Более полувека я работаю в литературе. И могу назвать эту книгу своей визитной карточкой, так как в ней отразились основные черты моего творчества. Разных объёмов и жанров. Но всё это – я. В каждой строке, каждом слове. Говорят, серьёзная проза, как и серьёзная музыка, не стареет. Мой муж, художник Юрий Ракша, сказал: «Как в зеркало мы смотрим в мир и отражаемся в нём. Картины художника – это отражение мира, а значит, и его самого. И потому в каждом произведении ищите художника, его СУТЬ, его отражение – он здесь…».

Так что – читайте! И приятных вам минут!



Планета Иринара
Об авторе

Ирина Евгеньевна Ракша́ – академик, действительный член Академии российской словесности. Писатель, кинодраматург, член Союза журналистов СССР и РФ (с 1965 г.), член Союза писателей СССР и РФ (с 1969 г.). Вдова художника Юрия Ракши (1937–1980), имела дочь Анну Юрьевну. (Член Союза художников РФ. Дочь скончалась 13 мая 2017 года. Аневризма.)

Ирина родилась в Москве, в Останкино, в семье служащих (москвичка в четвёртом поколении.) Родители, выпускники ТСХА (Тимирязевской сельхозакадемии), – агрономы. Детство её прошло на столичной окраине. Училась в средней (№ 271) и музыкальной школах. В 1955 г. развод родителей стал причиной её отъезда с поездом первоцелинников на Алтай, во вновь образовывавшийся зерносовхоз «Урожайный», куда ранее был командирован из Министерства сельского хозяйства её отец. Там, в предгорьях Алтая, на берегу реки Катуни, рядом с селом Сростки – родиной В. Шукшина – и проходили годы юности будущей писательницы. (Этому судьбоносному периоду жизни посвящены рассказы И. Ракши «Голубочек мой ясный», «Совесть» и др.) В селе Грязнуха (ныне Советское) она окончила десятилетку, получила аттестат зрелости. Одновременно работала в совхозе почтальоном, учётчиком на лесоскладе, лаборантом на птицеферме и пр. Затем, уже в Красноярском крае, на станции Солянка, станции Уяр-Клюквенная – разнорабочей на железной дороге, корреспондентом газеты «Сталинец». А также в Туве, в Саянах, на станции Бискамжа. В дальнейшем в её творчестве романтические мотивы «железной дороги, товарняков, поездов, дальних странствий» особенно любимы.

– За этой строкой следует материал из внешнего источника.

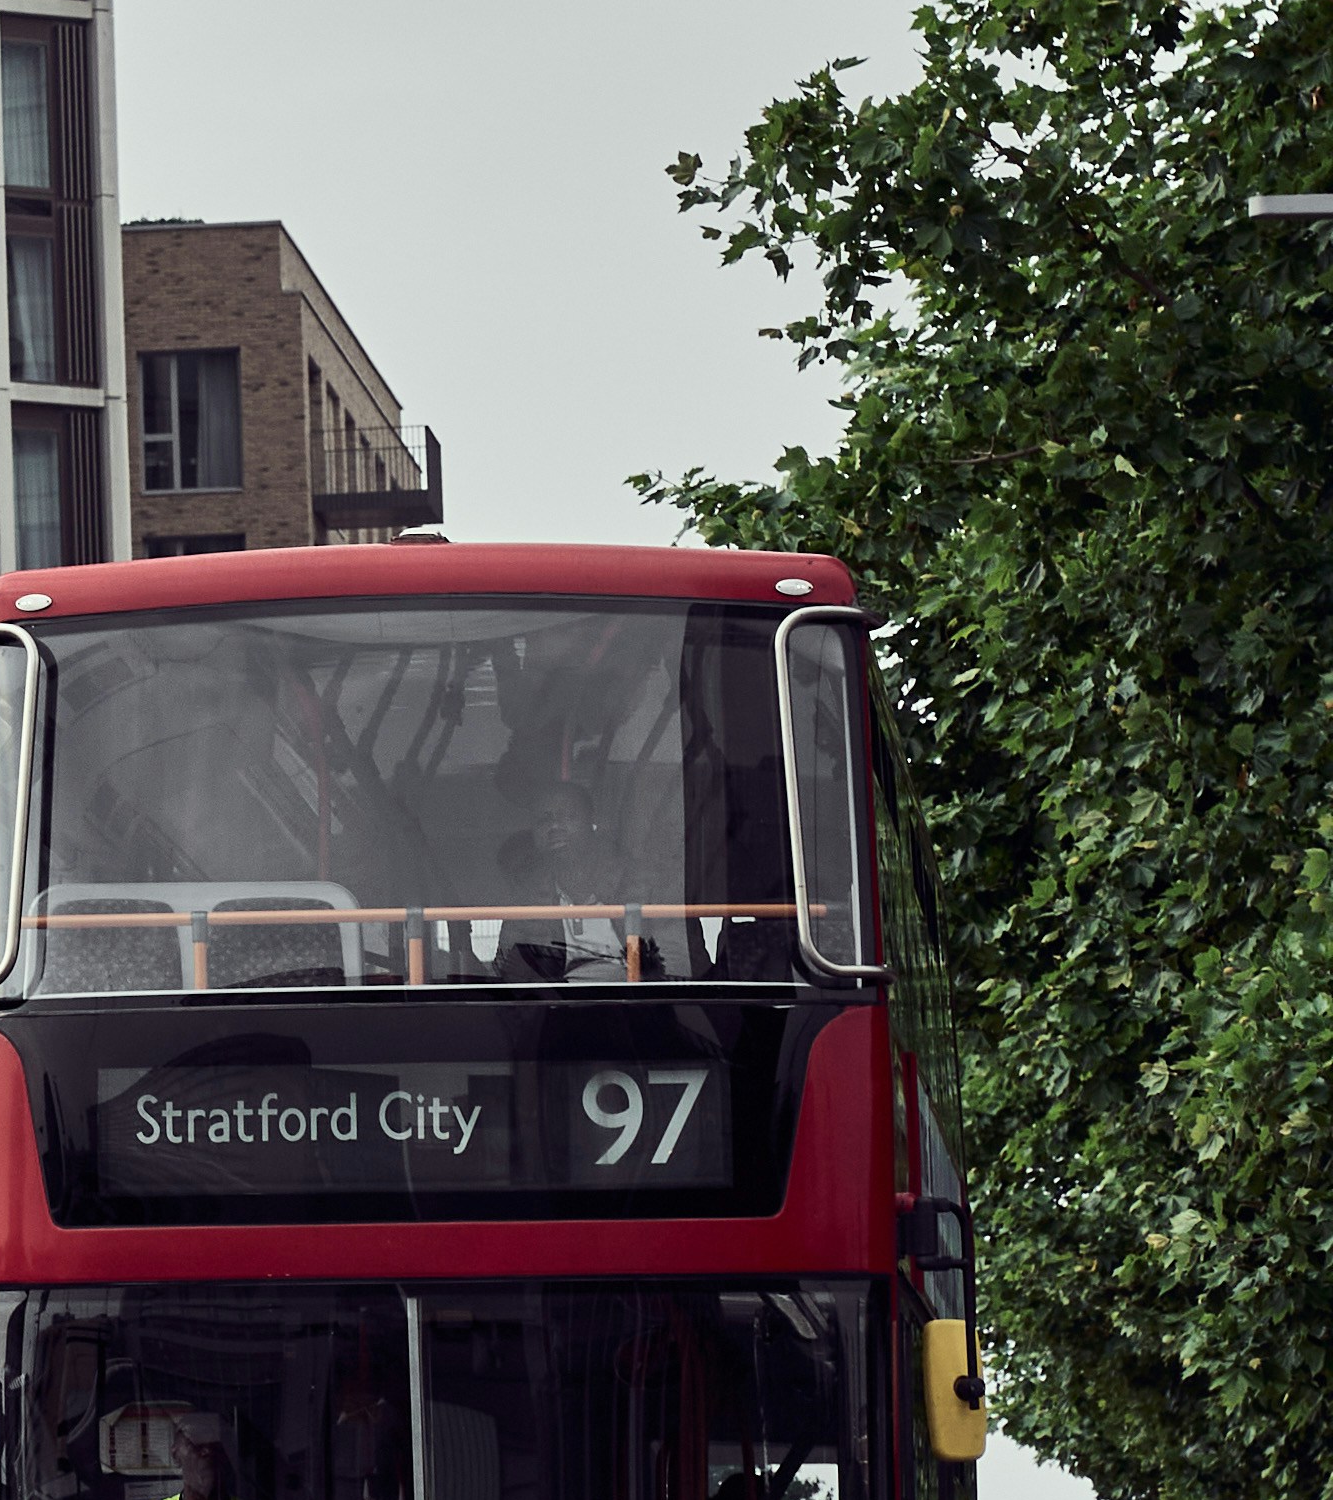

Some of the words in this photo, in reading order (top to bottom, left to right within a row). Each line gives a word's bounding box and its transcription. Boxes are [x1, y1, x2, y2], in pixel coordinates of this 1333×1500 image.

[136, 1092, 358, 1145] Stratford
[379, 1090, 482, 1154] City
[582, 1069, 709, 1165] 97

Вот как писал о ней её учитель, профессор Литинститута им. Горького Михаил Аркадьевич Светлов:


«По алтайской степи на взмыленном коне пронеслась мимо меня амазонка. Так состоялось моё первое знакомство с семнадцатилетней Ириной Ракшой. Я приехал к её отцу, директору строящегося целинного совхоза. Я тогда никак не думал, что буду писать вступительное слово к её рассказам. Она тогда была никаким писателем, так же как я никакой наездник. Но я считаю, что недаром вспомнил об этой первой встрече. Потому что свойство Ирины – неутомимость в движении. Потому что – разбуди её глубокой ночью и скажи: “В Ледовитом океане белые медведи соскучились по тебе” – она, надевая башмаки, спросит: “А туда как лучше добираться, поездом или самолётом?”…

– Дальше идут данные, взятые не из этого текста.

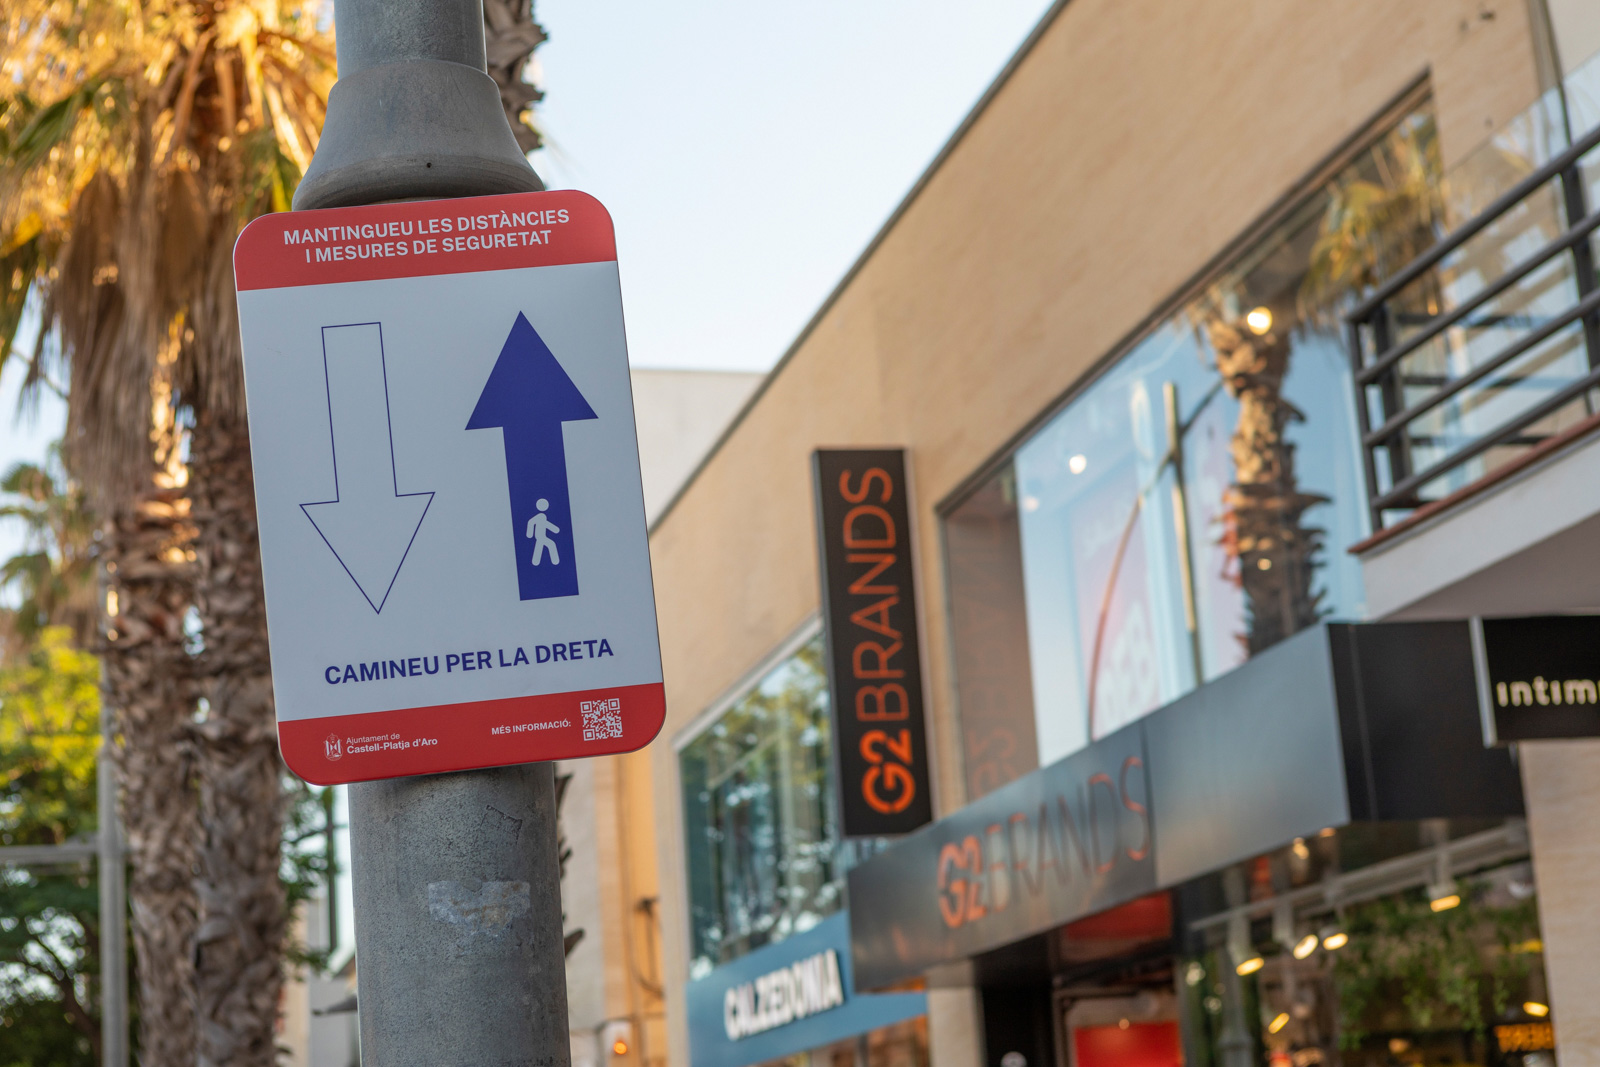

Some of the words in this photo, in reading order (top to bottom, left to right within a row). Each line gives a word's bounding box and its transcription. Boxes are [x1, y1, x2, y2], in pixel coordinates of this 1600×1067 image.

[284, 221, 413, 245] MANTINGUEU
[418, 218, 453, 235] LES
[457, 209, 570, 232] DISTÀNCIES
[305, 248, 311, 263] I
[316, 241, 408, 263] MESURES
[413, 239, 438, 255] DE
[442, 230, 552, 252] SEGURETAT
[838, 467, 916, 814] G2BRANDS
[325, 656, 440, 685] CAMINEU
[445, 650, 493, 673] PER
[498, 647, 530, 667] LA
[535, 638, 614, 664] DRETA
[1496, 676, 1600, 707] intim
[346, 734, 389, 746] Ajuntament
[390, 733, 401, 741] de
[491, 724, 512, 735] MÉS
[512, 719, 572, 733] INFORMACIÓ:
[346, 740, 410, 755] Castell-Platja
[412, 737, 438, 748] d'Aro
[937, 756, 1149, 928] G2BRANDS
[724, 948, 844, 1041] CALZEDONIA

Она исколесила Сибирь, не устала, а, наоборот, рвётся в новые пространства. И эти её путешествия вовсе не для того, чтобы потом похвастаться: “Я была там-то и там-то ”. Нет, вовсе не для этого.

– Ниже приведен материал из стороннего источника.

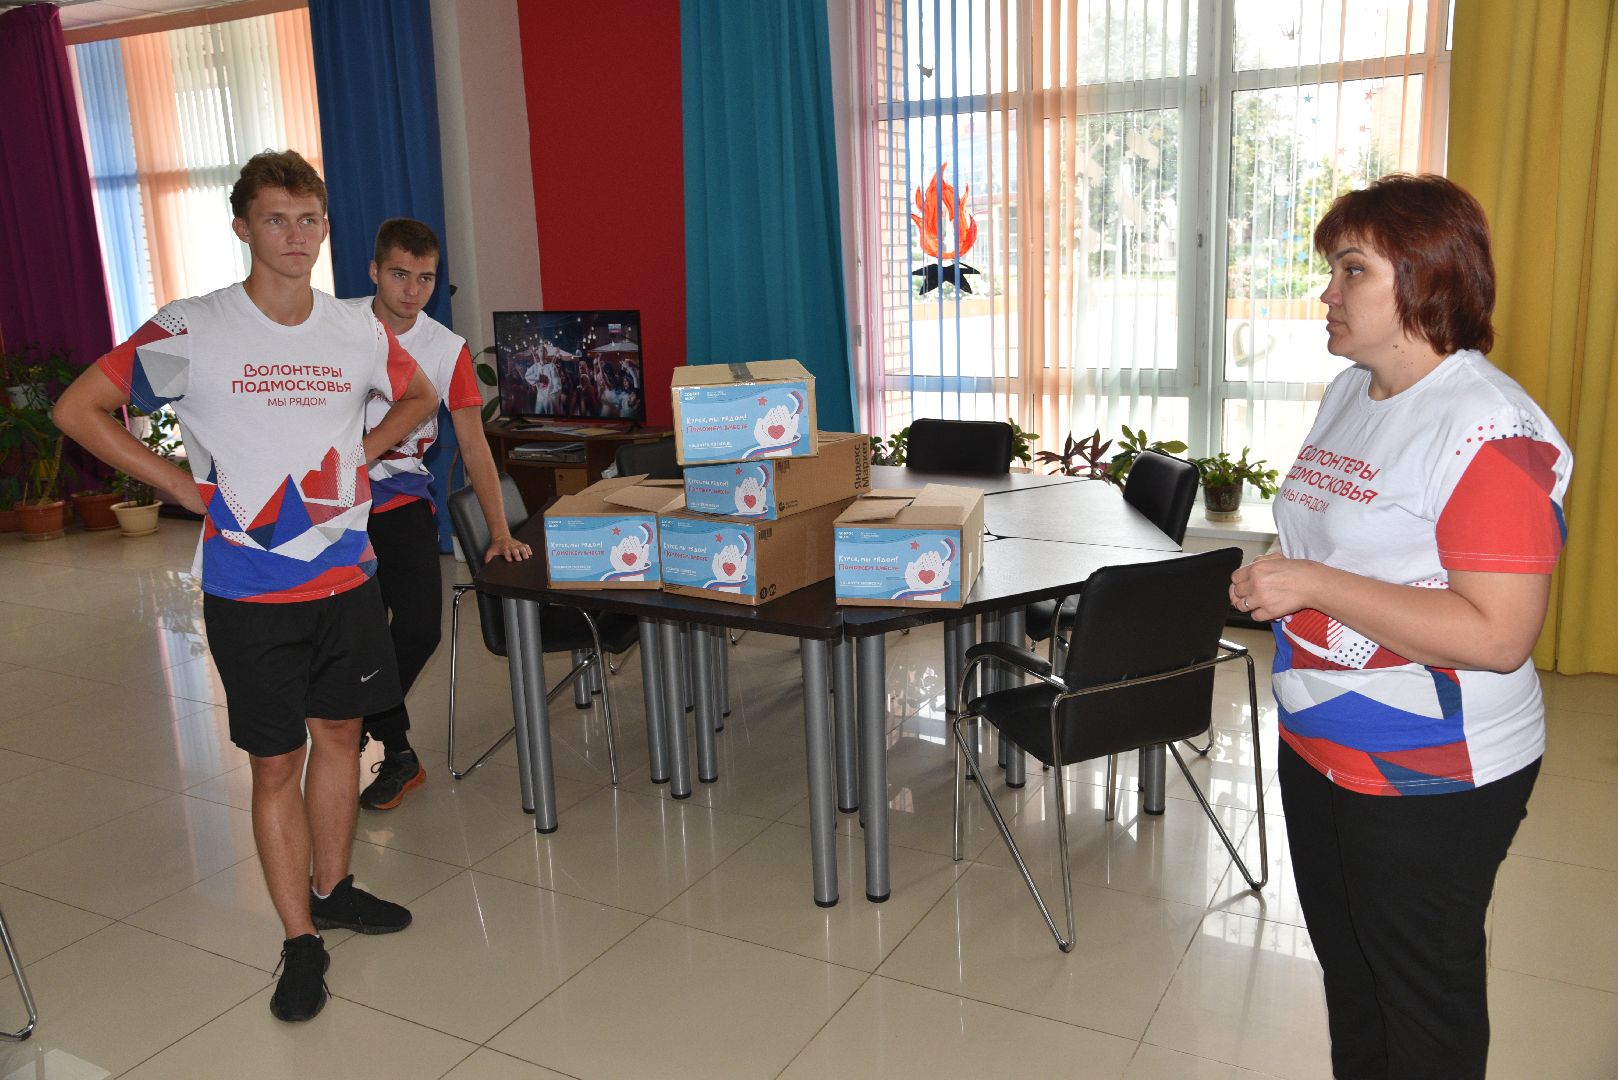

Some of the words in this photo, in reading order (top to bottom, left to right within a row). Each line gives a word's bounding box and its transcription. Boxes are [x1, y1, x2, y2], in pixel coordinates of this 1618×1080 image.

Есть два рода наблюдателей. Есть наблюдатели “ума холодных наблюдений ”: “Вот я поеду в Париж, обязательно посмотрю на Эйфелеву башню, сбегаю в Лувр и, конечно, накуплю кой-чего из мелочишек ”.

А Ирина, скажем, поедет на Север, она поедет туда вовсе не для того, чтобы увидеть только северное сияние. Она поедет туда для того, чтобы увидеть и узнать чукчей под северным сиянием. Она умеет прекрасно видеть, и именно поэтому у неё так много в рассказах хороших деталей.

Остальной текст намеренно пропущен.